Model is performing exceptionally well on this credit card fraud detection task. It not only identifies almost all fraudulent transactions but does so with a high level of accuracy, ensuring that legitimate transactions are rarely flagged incorrectly. This balance makes the model both practical and reliable for real-world deployment in detecting fraud.

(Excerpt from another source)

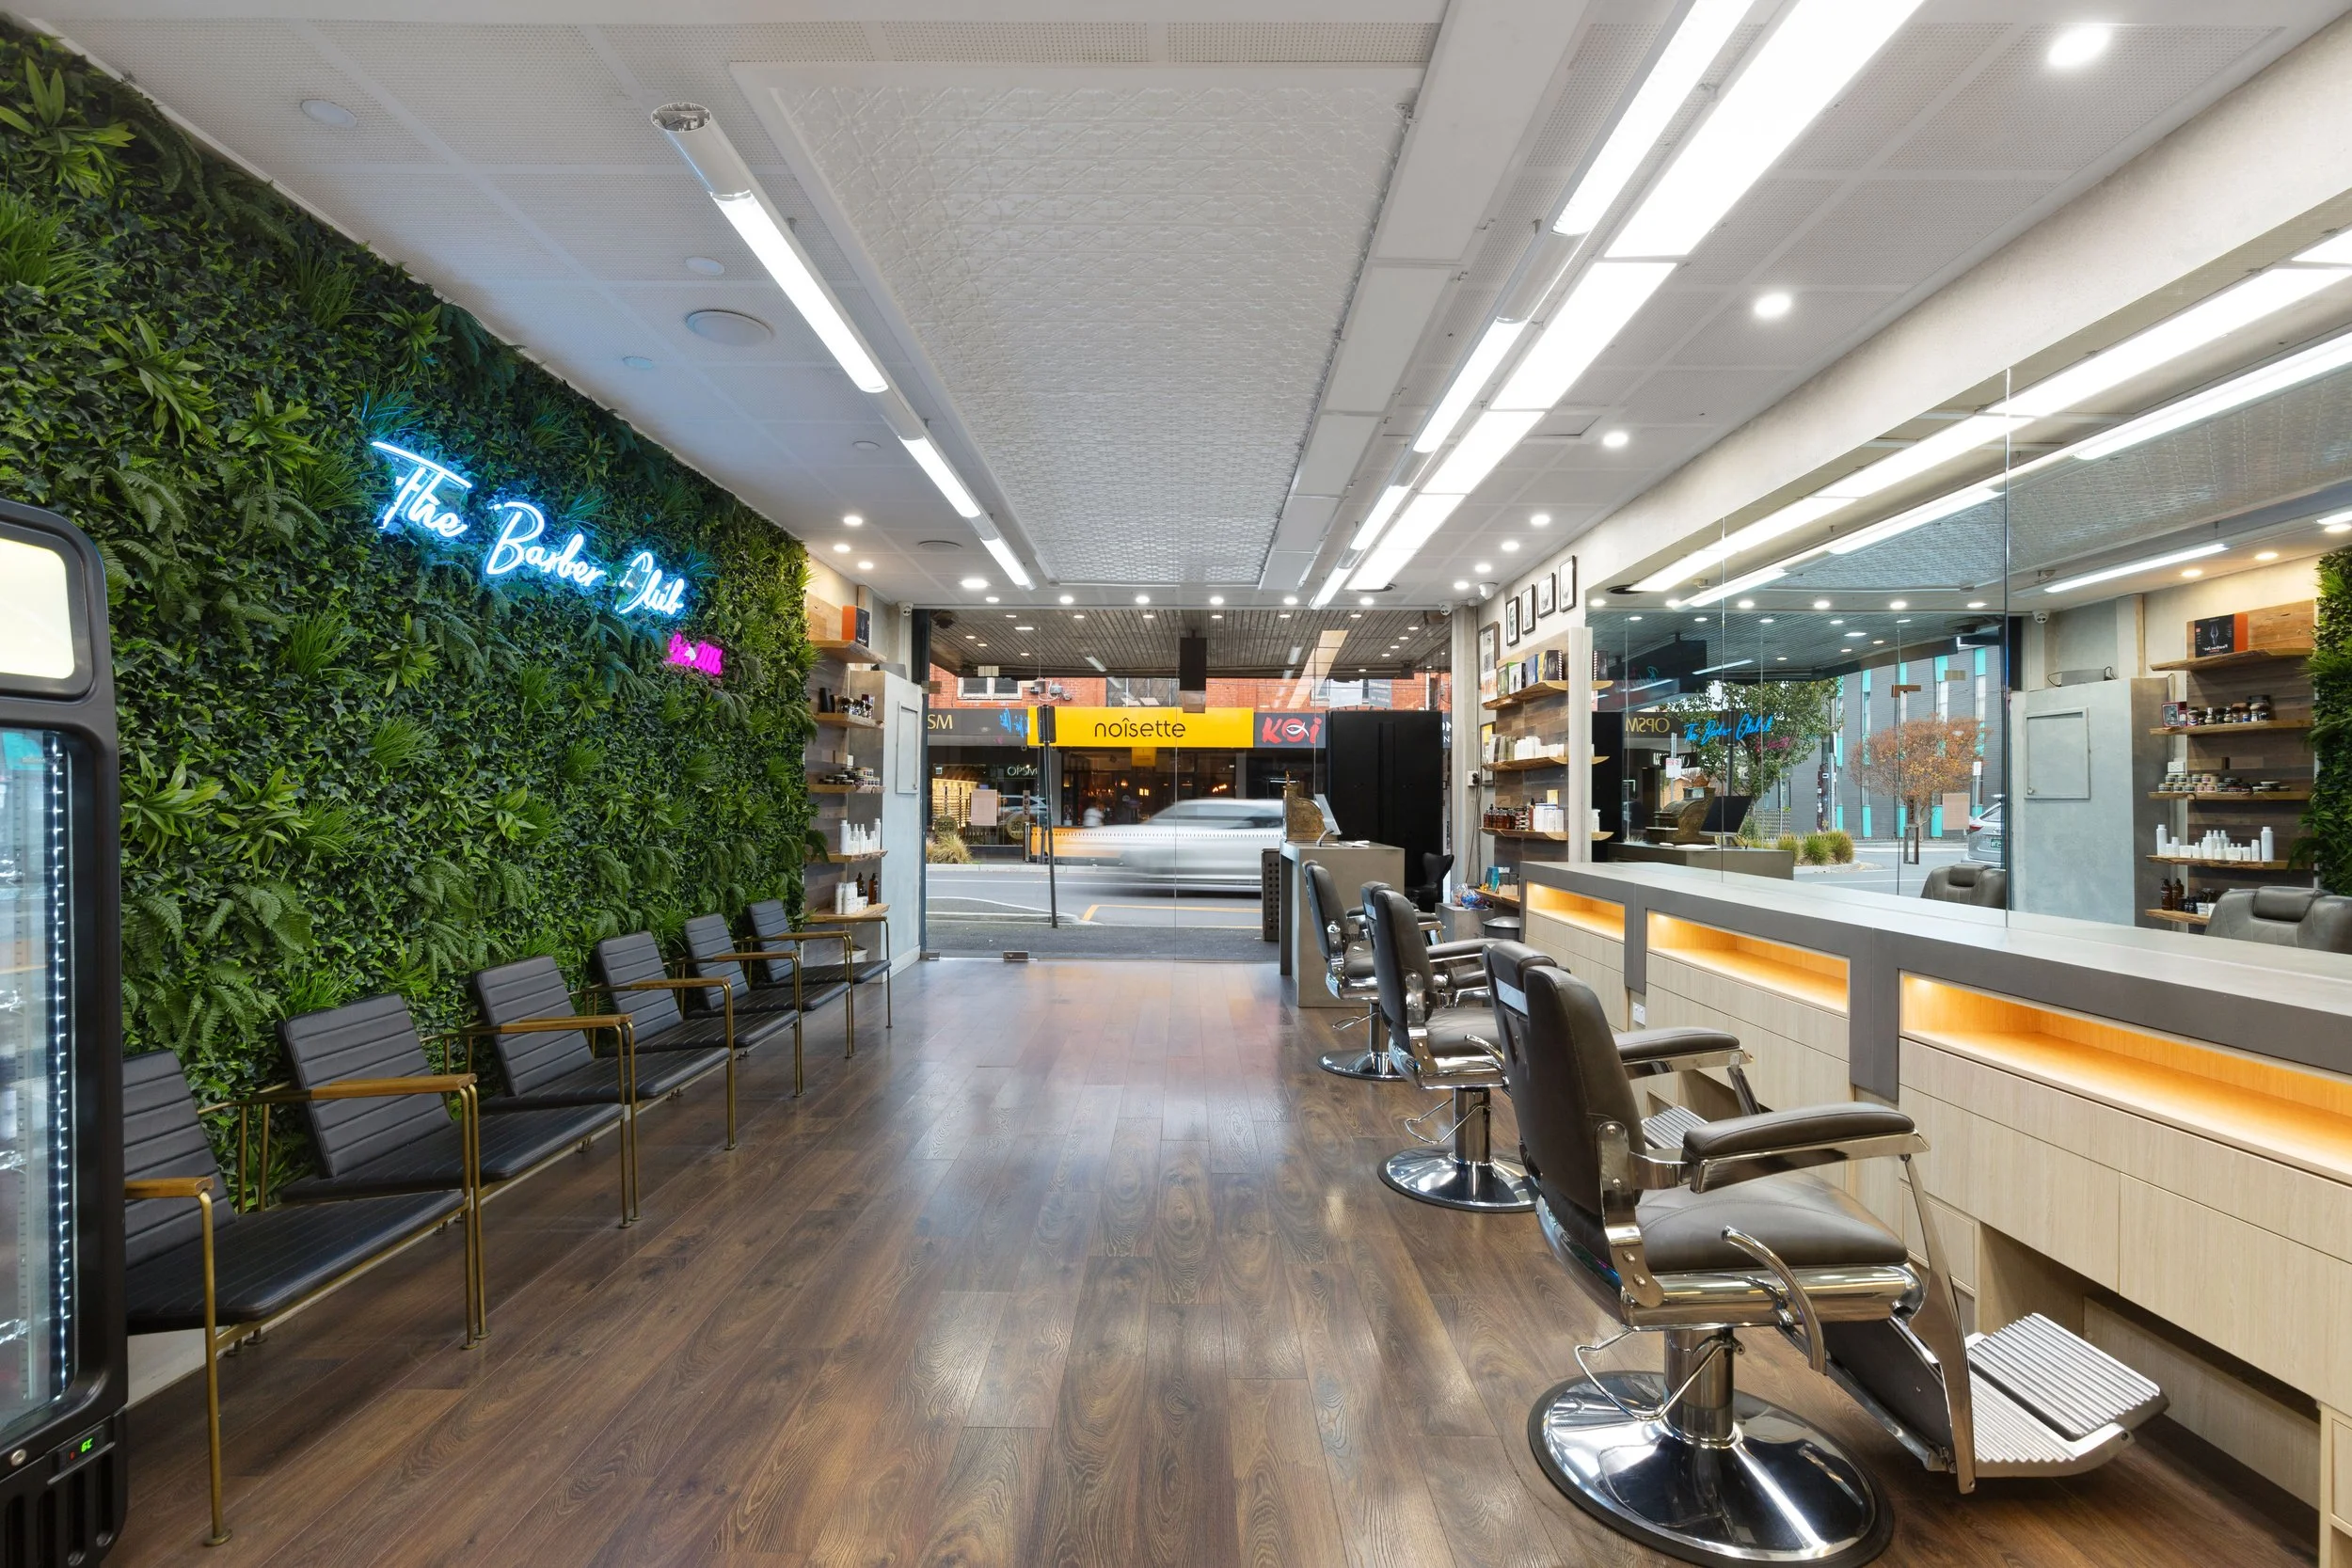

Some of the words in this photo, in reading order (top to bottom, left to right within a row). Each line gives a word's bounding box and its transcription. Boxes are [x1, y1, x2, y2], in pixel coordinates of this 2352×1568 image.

[372, 441, 472, 537] The
[486, 501, 607, 586] Barber
[615, 551, 685, 615] Club
[1094, 718, 1186, 738] noîsette

- **Precision:** The model accurately identifies fraudulent transactions, minimizing false positives.

- **Recall:** It effectively catches most fraudulent transactions, reducing the chance of missed fraud.

- **F1-Score:** Balances precision and recall, ensuring both high fraud detection and low false alarms.

- **Accuracy:** High accuracy reflects the model's ability to correctly classify most transactions.

- **ROC AUC Score:** Nearly perfect, showing strong performance in distinguishing between fraudulent and non-fraudulent transactions.